Leonardo Xavier Kuffo Rivero edited this page Feb 26, 2026 · 1 revision

Usage (Python)

Below, we provide a minimal example to run k-means clustering, reading data from a .hdf5 . In our Python bindings, the .train() method will decide at runtime whether to use vanilla Super K-Means or Hierarchical Super K-Means, depending on the number of data points. You can override this behavior.

import numpy as np
import sys
import h5py
import math
from superkmeans import SuperKMeans

def read_hdf5_data(hdf5_path):
    """Read train and test data from HDF5 file."""
    with h5py.File(hdf5_path, "r") as hdf5_file:
        train = np.array(hdf5_file["train"], dtype=np.float32)
        test = np.array(hdf5_file["test"], dtype=np.float32) if "test" in hdf5_file else None
    return train, test

def main():
    if len(sys.argv) < 2:
        print("Error: Missing HDF5 file path")
        return 1

    hdf5_path = sys.argv[1]

    print(f"Loading data from {hdf5_path}...")
    data, test = read_hdf5_data(hdf5_path)

    n, d = data.shape
    k = math.sqrt(n) * 4
    
    print(f"Loaded {n:,} vectors with {d} dimensions")
    print(f"Number of clusters: {k}")

    kmeans = SuperKMeans(
        n_clusters=k,
        dimensionality=d,
    )

    print("Generating centroids...")
    centroids = kmeans.train(data)
    
    print("Assigning points to clusters...")
    assignments = kmeans.assign(data, centroids)

    print("Done!")

if __name__ == "__main__":
    main()

Configurations

We provide a plethora of parameters for the customization of your clustering. You can pass these to the constructor:

kmeans = SuperKMeans(
    n_clusters=k,
    dimensionality=d,
    angular = False,  # Use spherical k-means (default=False)
    iters = 10,       # Number of iterations in the core loop (default=10)
    sampling_fraction = 0.3, # Fraction of points to sample (default=0.3)

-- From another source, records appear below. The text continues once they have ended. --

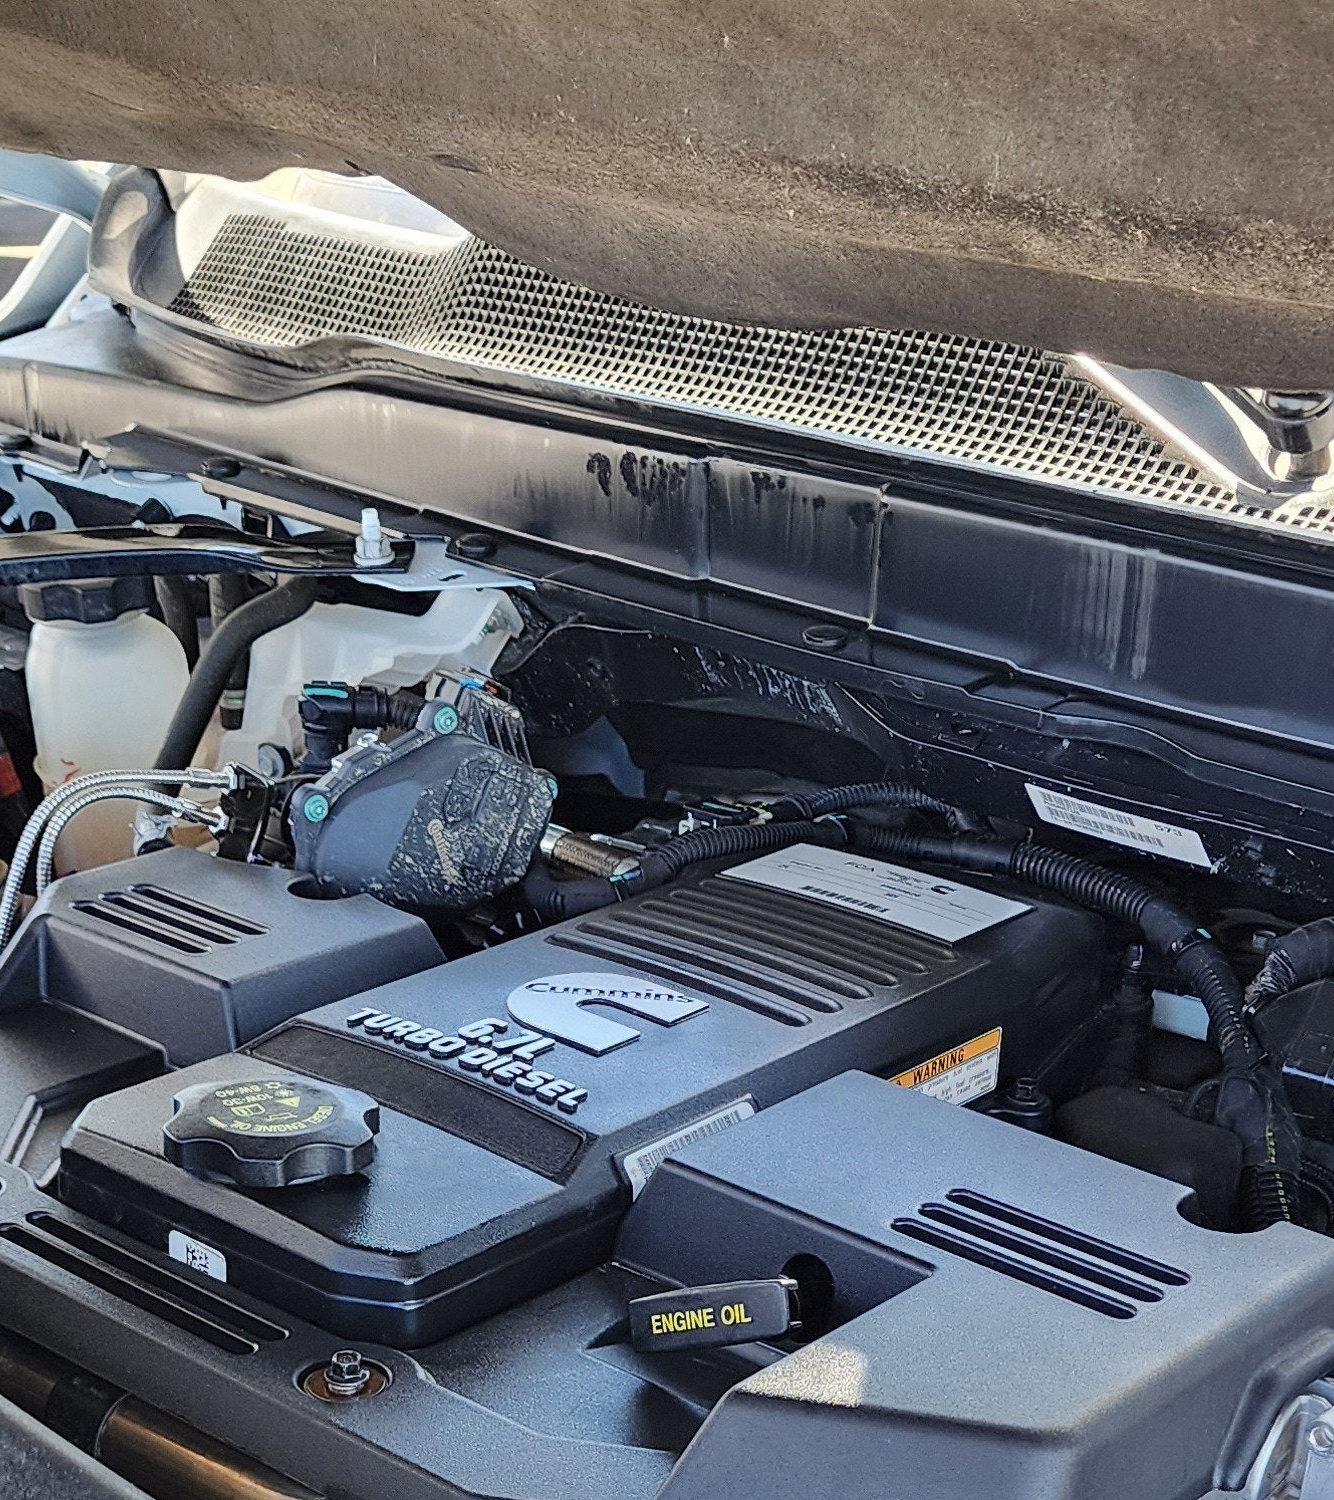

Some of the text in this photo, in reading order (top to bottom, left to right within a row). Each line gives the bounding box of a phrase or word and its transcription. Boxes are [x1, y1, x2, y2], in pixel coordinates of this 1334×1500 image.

[524, 981, 696, 1003] Cummins
[458, 1017, 555, 1065] 6.7L
[346, 1007, 588, 1114] TURBO DIESEL
[912, 1048, 965, 1085] WARNING
[253, 1121, 308, 1133] ENGINE
[651, 1303, 752, 1335] ENGINE OIL

    n_threads = 32, # Number of threads to use (default=0, uses max available)
    seed = 42, # Random seed for reproducibility
    early_termination = True, # Whether to enable early termination mechanisms (default=True)
    tol = 1e-4, # Tolerance for WCSS improvement rate and centroids shift before stopping (default=1e-4) 
    verbose = False, # Prints debug logs
    data_already_rotated = False, # If True, assumes input data is already rotated (default=False)
    use_blas_only = False, # If True, disables SuperKMeans PRUNING phase (default=False)

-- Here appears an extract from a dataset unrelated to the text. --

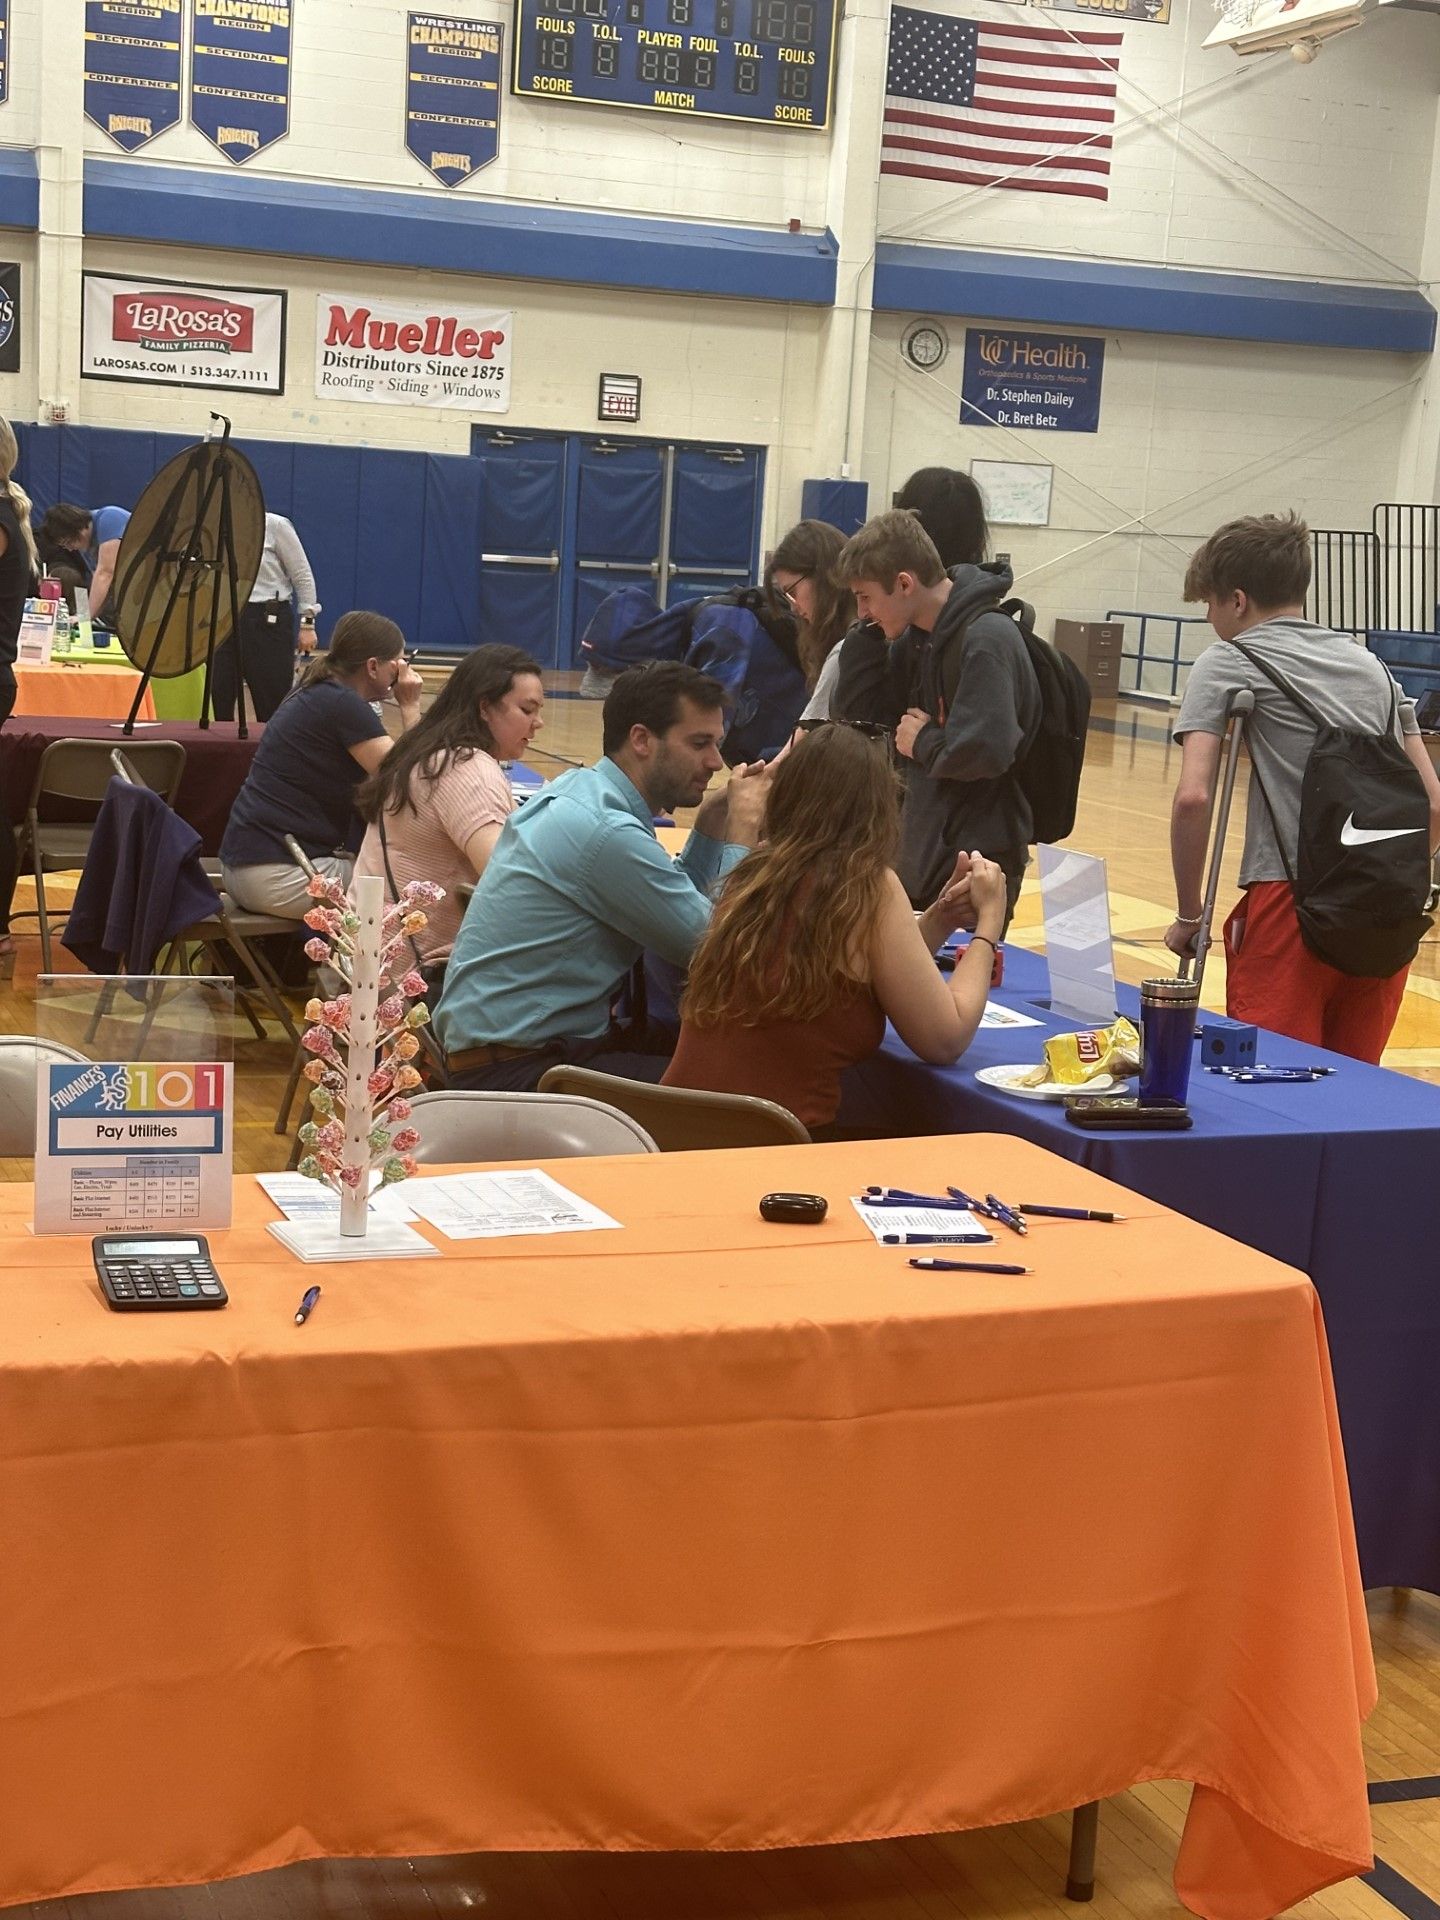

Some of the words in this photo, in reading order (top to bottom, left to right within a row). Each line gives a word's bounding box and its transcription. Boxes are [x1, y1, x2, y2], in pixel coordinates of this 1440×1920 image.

    hierarchical = False,  # If False, forces the use of vanilla k-means (default=None, hierarchical is used depending on data size),
    iters_mesoclustering = 3, # Mesoclustering iterations for hierarchical k-means (default=3)
    iters_fineclustering = 5, # Fineclustering iterations for hierarchical k-means (default=5)
    # Additional vanilla k-means iterations to refine the clusters resulting from hierarchical k-means
    # In practice, these are very expensive and do not lead to substantial gains (default = 0)
    iters_refinement = 0 
)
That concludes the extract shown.